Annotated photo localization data
....
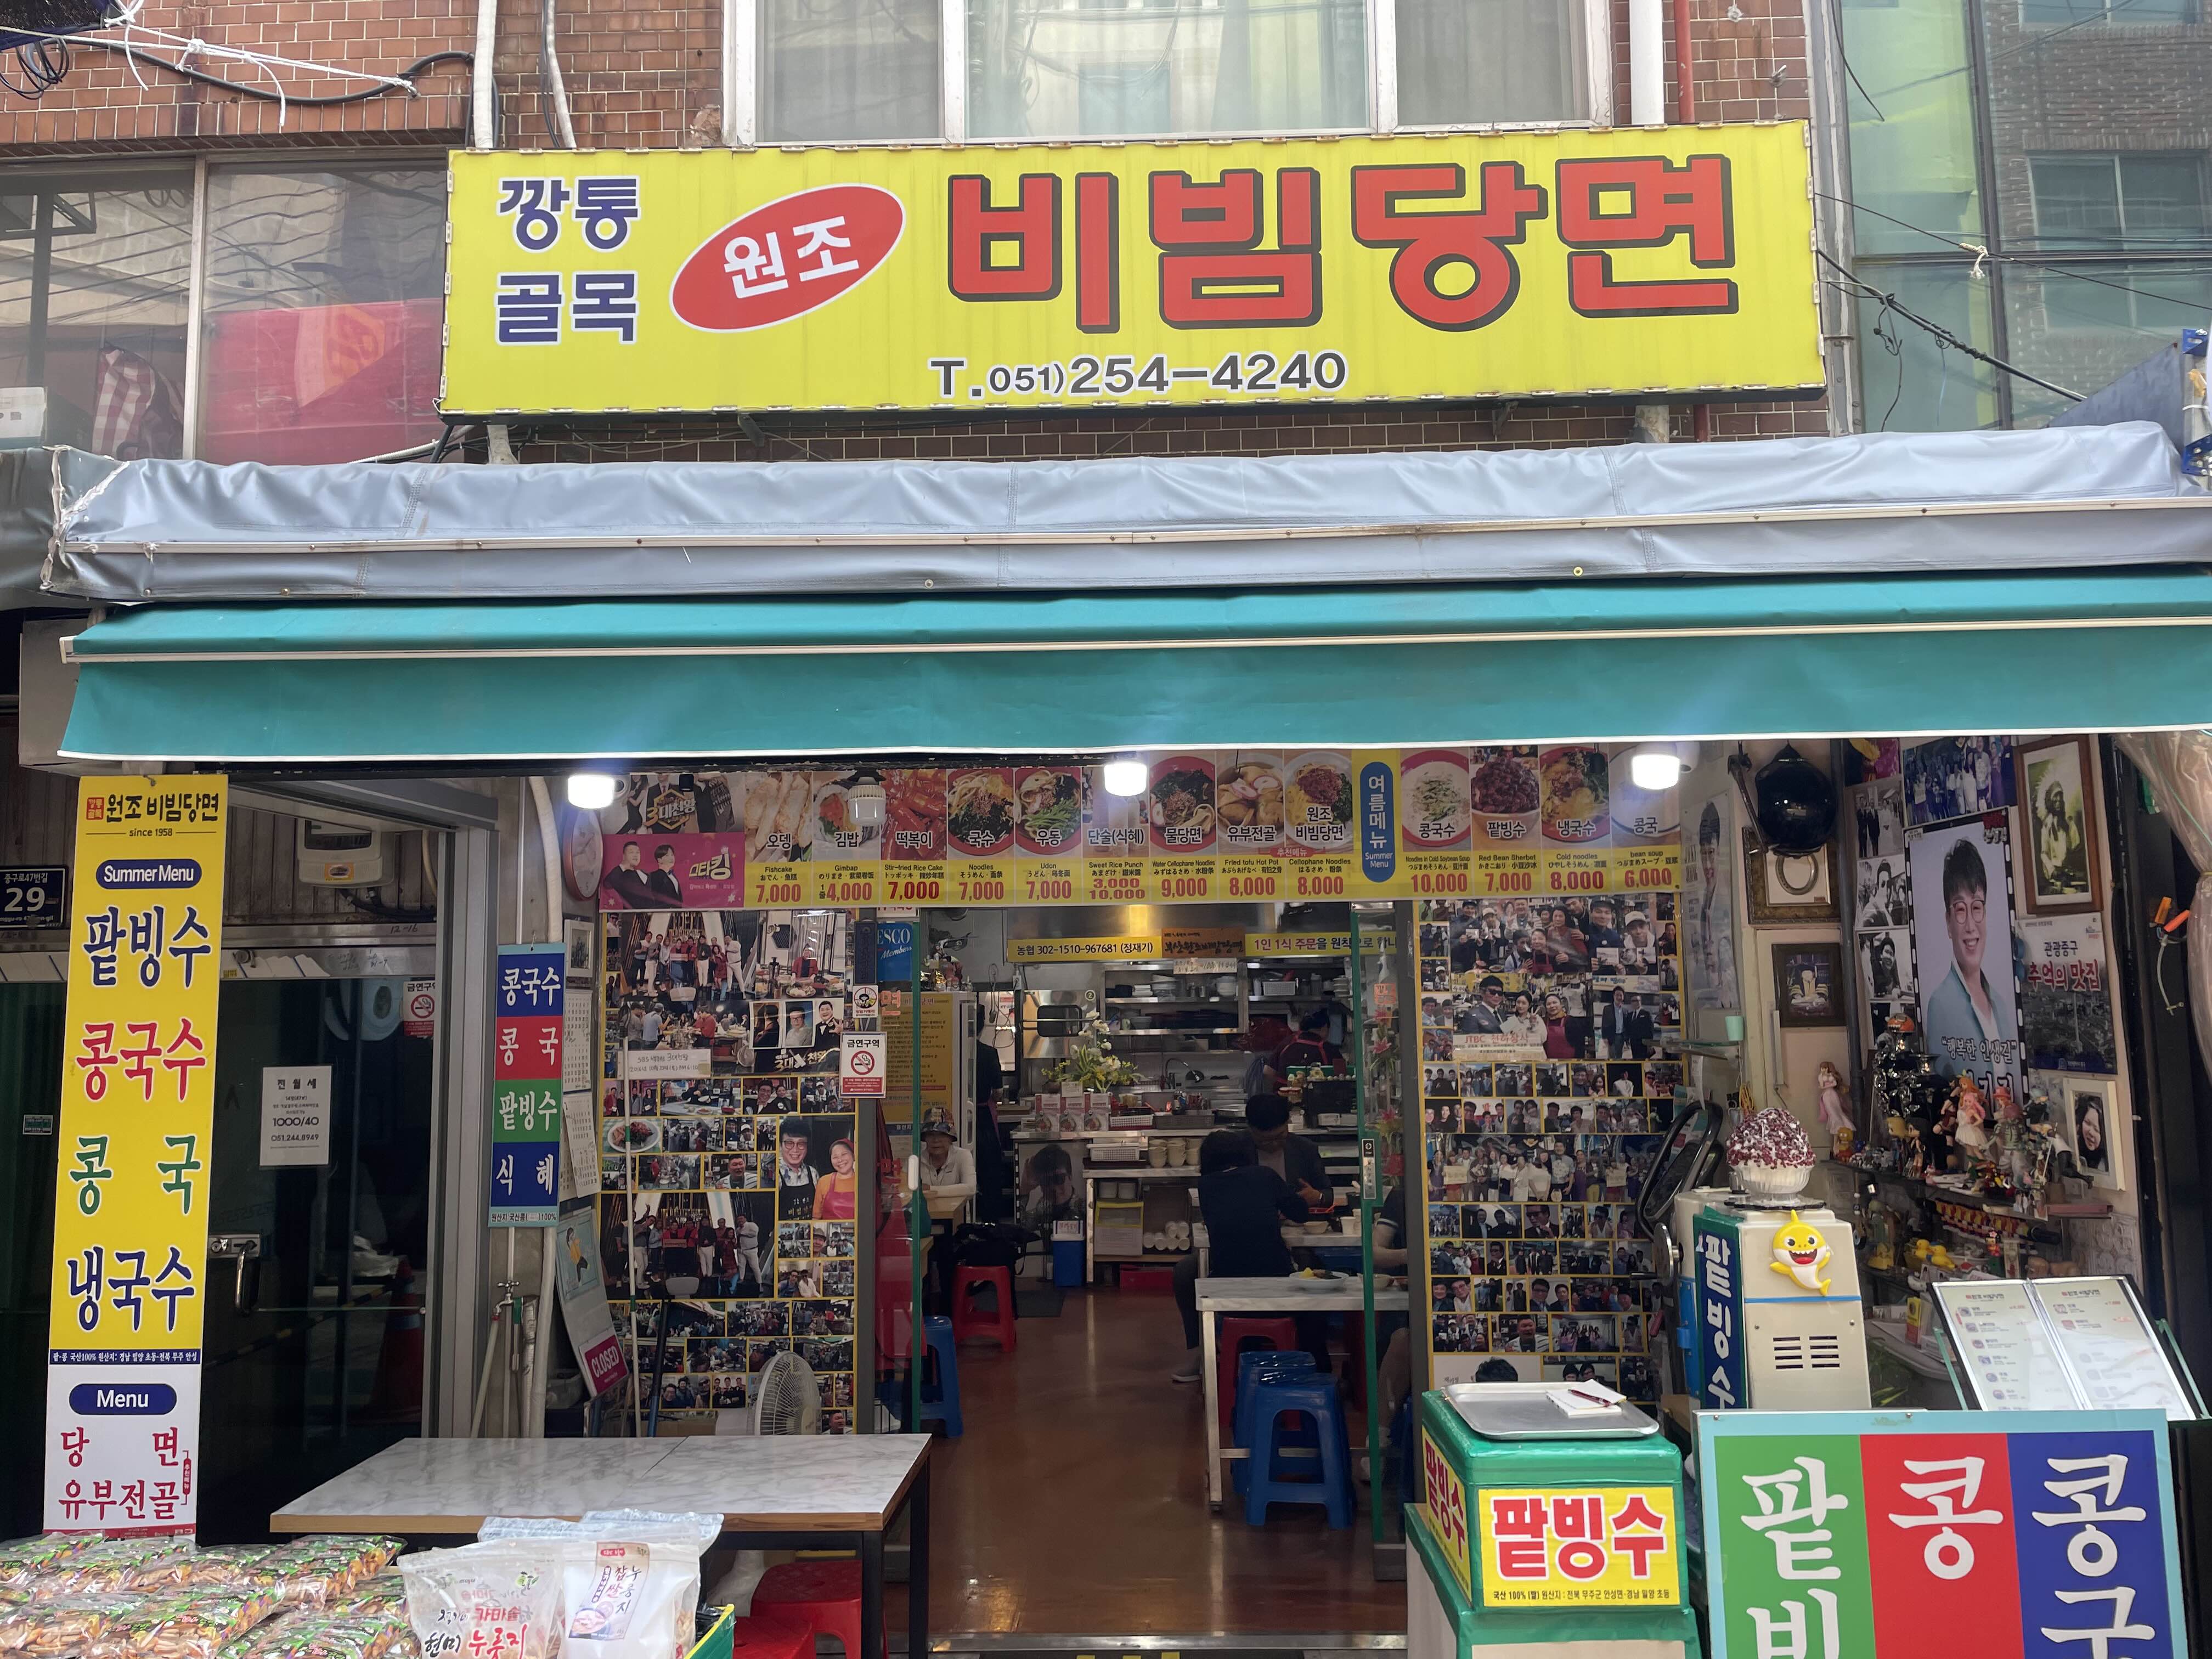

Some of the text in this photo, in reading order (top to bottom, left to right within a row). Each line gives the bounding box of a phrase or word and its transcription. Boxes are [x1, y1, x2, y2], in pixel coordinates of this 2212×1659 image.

[498, 176, 640, 252] 깡통
[947, 154, 1739, 334] 비빔당면
[724, 216, 860, 299] 원조
[495, 271, 639, 345] 골목
[106, 793, 219, 823] 원조 비빔당면
[1307, 806, 1332, 821] 원조
[1227, 826, 1276, 842] 유부전골
[1296, 825, 1344, 842] 비빔당면
[1419, 823, 1456, 839] 콩국수
[1488, 822, 1526, 838] 팥빙수
[1557, 820, 1595, 836] 냉국수
[1634, 817, 1658, 833] 콩국
[768, 833, 791, 849] 오뎅
[835, 832, 859, 847] 김밥
[969, 830, 994, 847] 국수
[1036, 830, 1062, 846] 우동
[1088, 829, 1144, 845] 단술(식혜)
[1165, 827, 1201, 844] 물당면
[1277, 848, 1307, 857] 추천메뉴
[1365, 852, 1393, 860] Summer
[104, 865, 194, 882] Summer Menu
[1411, 873, 1468, 893] 10,000
[1485, 872, 1532, 892] 7,000
[1550, 871, 1604, 891] 8,000
[1625, 868, 1672, 888] 6,000
[827, 883, 872, 902] 4,000
[888, 882, 939, 900] 7,000
[959, 881, 1004, 901] 7,000
[1026, 881, 1071, 901] 7,000
[1093, 878, 1139, 889] 3,000
[1161, 878, 1207, 898] 9,000
[1229, 877, 1276, 896] 8,000
[1297, 876, 1344, 896] 8,000
[4, 887, 45, 911] 29
[755, 884, 801, 903] 7,000
[1089, 889, 1146, 900] 10,000
[83, 906, 211, 988] 팥빙수
[881, 945, 912, 959] Members
[1017, 942, 1153, 956] 농협 302-1510-967681 (정재기)
[1255, 938, 1327, 950] 1인 1식 주문을
[2028, 959, 2101, 990] 추억의 맛집
[501, 967, 561, 1006] 콩국수
[847, 1039, 879, 1047] 금연구역
[76, 1018, 206, 1102] 콩국수
[499, 1091, 557, 1131] 팥빙수
[273, 1116, 319, 1126] 1000/40
[70, 1134, 201, 1216] 콩 국
[67, 1246, 195, 1331] 냉국수
[1706, 1234, 1735, 1409] 팥빙수
[591, 1346, 619, 1378] CLOSED
[97, 1389, 149, 1408] Menu
[61, 1426, 178, 1467] 당 면
[58, 1480, 179, 1521] 유부전골
[1425, 1438, 1465, 1560] 팥빙수
[1888, 1456, 2003, 1580] 콩
[1491, 1495, 1667, 1581] 팥빙수
[1493, 1591, 1506, 1600] 국산
[1509, 1590, 1526, 1600] 100%
[425, 1632, 461, 1658] 현미
....
YOUR OBJECTIVE: Exactly as they stand, set down all of the entries above, minus every picture.

ANSWER TO THE PROBLEM:
Some of the text in this photo, in reading order (top to bottom, left to right within a row). Each line gives the bounding box of a phrase or word and its transcription. Boxes are [x1, y1, x2, y2], in pixel coordinates of this 2212×1659 image.

[498, 176, 640, 252] 깡통
[947, 154, 1739, 334] 비빔당면
[724, 216, 860, 299] 원조
[495, 271, 639, 345] 골목
[106, 793, 219, 823] 원조 비빔당면
[1307, 806, 1332, 821] 원조
[1227, 826, 1276, 842] 유부전골
[1296, 825, 1344, 842] 비빔당면
[1419, 823, 1456, 839] 콩국수
[1488, 822, 1526, 838] 팥빙수
[1557, 820, 1595, 836] 냉국수
[1634, 817, 1658, 833] 콩국
[768, 833, 791, 849] 오뎅
[835, 832, 859, 847] 김밥
[969, 830, 994, 847] 국수
[1036, 830, 1062, 846] 우동
[1088, 829, 1144, 845] 단술(식혜)
[1165, 827, 1201, 844] 물당면
[1277, 848, 1307, 857] 추천메뉴
[1365, 852, 1393, 860] Summer
[104, 865, 194, 882] Summer Menu
[1411, 873, 1468, 893] 10,000
[1485, 872, 1532, 892] 7,000
[1550, 871, 1604, 891] 8,000
[1625, 868, 1672, 888] 6,000
[827, 883, 872, 902] 4,000
[888, 882, 939, 900] 7,000
[959, 881, 1004, 901] 7,000
[1026, 881, 1071, 901] 7,000
[1093, 878, 1139, 889] 3,000
[1161, 878, 1207, 898] 9,000
[1229, 877, 1276, 896] 8,000
[1297, 876, 1344, 896] 8,000
[4, 887, 45, 911] 29
[755, 884, 801, 903] 7,000
[1089, 889, 1146, 900] 10,000
[83, 906, 211, 988] 팥빙수
[881, 945, 912, 959] Members
[1017, 942, 1153, 956] 농협 302-1510-967681 (정재기)
[1255, 938, 1327, 950] 1인 1식 주문을
[2028, 959, 2101, 990] 추억의 맛집
[501, 967, 561, 1006] 콩국수
[847, 1039, 879, 1047] 금연구역
[76, 1018, 206, 1102] 콩국수
[499, 1091, 557, 1131] 팥빙수
[273, 1116, 319, 1126] 1000/40
[70, 1134, 201, 1216] 콩 국
[67, 1246, 195, 1331] 냉국수
[1706, 1234, 1735, 1409] 팥빙수
[591, 1346, 619, 1378] CLOSED
[97, 1389, 149, 1408] Menu
[61, 1426, 178, 1467] 당 면
[58, 1480, 179, 1521] 유부전골
[1425, 1438, 1465, 1560] 팥빙수
[1888, 1456, 2003, 1580] 콩
[1491, 1495, 1667, 1581] 팥빙수
[1493, 1591, 1506, 1600] 국산
[1509, 1590, 1526, 1600] 100%
[425, 1632, 461, 1658] 현미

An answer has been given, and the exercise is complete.